Sledging biscuit is a legendary biscuit in Antarctica made from flour, baking soda, salt, unsalted butter with fat and cold water. The texture is dense and high in energy but bland enough that you can dip it with cheese or mermite as a topping. Sledging biscuits include durable biscuits, suitable for walks or outdoor activities.
INGREDIENT
- 150 g whole wheat flour (1.25 cups)
- 1⁄2 teaspoon of baking soda
- 1⁄2 teaspoon salt
- 30 g butter (full fat, unsalted, 2 T.)
- 50 ml of cold water (3T. plus 1t.)
IRECTION
- Reheat oven to 190C (375 F.).
- Sift the flour and baking soda together into a bowl, then add the salt. Rub the butter with your fingertips until you combine the ingredients to resemble breadcrumbs.
- Add water little by little until a smooth dough can be formed. All dry ingredients should be well mixed, but the dough should not be sticky.
- Lightly flour on a smooth surface and roll out dough to a thickness of 2 cm (0.8 inch) and fit in a large baking tray.
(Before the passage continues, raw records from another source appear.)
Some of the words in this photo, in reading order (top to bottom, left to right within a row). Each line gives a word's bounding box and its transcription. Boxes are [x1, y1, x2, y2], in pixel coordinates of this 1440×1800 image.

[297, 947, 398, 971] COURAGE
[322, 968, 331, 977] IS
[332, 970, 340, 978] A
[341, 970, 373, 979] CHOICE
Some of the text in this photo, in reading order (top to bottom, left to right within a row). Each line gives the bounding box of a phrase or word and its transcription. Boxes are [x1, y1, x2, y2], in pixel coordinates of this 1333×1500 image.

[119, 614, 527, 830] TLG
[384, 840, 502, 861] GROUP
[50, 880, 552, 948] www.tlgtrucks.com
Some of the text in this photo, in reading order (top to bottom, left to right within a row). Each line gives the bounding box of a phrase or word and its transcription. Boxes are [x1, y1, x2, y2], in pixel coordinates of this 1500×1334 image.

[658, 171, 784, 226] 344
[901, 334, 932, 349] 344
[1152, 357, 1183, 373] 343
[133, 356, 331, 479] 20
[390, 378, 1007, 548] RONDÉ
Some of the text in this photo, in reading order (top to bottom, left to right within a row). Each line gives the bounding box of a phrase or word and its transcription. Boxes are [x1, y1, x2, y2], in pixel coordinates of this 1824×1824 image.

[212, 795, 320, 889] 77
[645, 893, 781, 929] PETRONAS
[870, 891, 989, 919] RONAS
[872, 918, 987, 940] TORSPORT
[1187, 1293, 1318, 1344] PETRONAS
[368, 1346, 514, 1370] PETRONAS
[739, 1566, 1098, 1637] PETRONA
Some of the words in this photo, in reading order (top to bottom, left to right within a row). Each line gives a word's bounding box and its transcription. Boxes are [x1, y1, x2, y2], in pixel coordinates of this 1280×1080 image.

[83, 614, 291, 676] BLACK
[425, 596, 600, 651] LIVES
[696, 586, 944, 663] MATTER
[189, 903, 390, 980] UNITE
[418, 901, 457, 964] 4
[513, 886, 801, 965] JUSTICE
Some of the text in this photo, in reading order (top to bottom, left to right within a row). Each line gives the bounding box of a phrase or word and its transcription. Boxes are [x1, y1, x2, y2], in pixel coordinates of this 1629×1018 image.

Transfer the dough to a lightly buttered baking sheet and cut into 5 cm (2 inch) squares. Pierce each square with a fork.
- Bake in the oven for 15 minutes or until the dough starts to turn golden brown. Remove from oven and place on a cooling rack.
- Serve the sledging biscuits with sweet tea or with a spread of pemmican on top.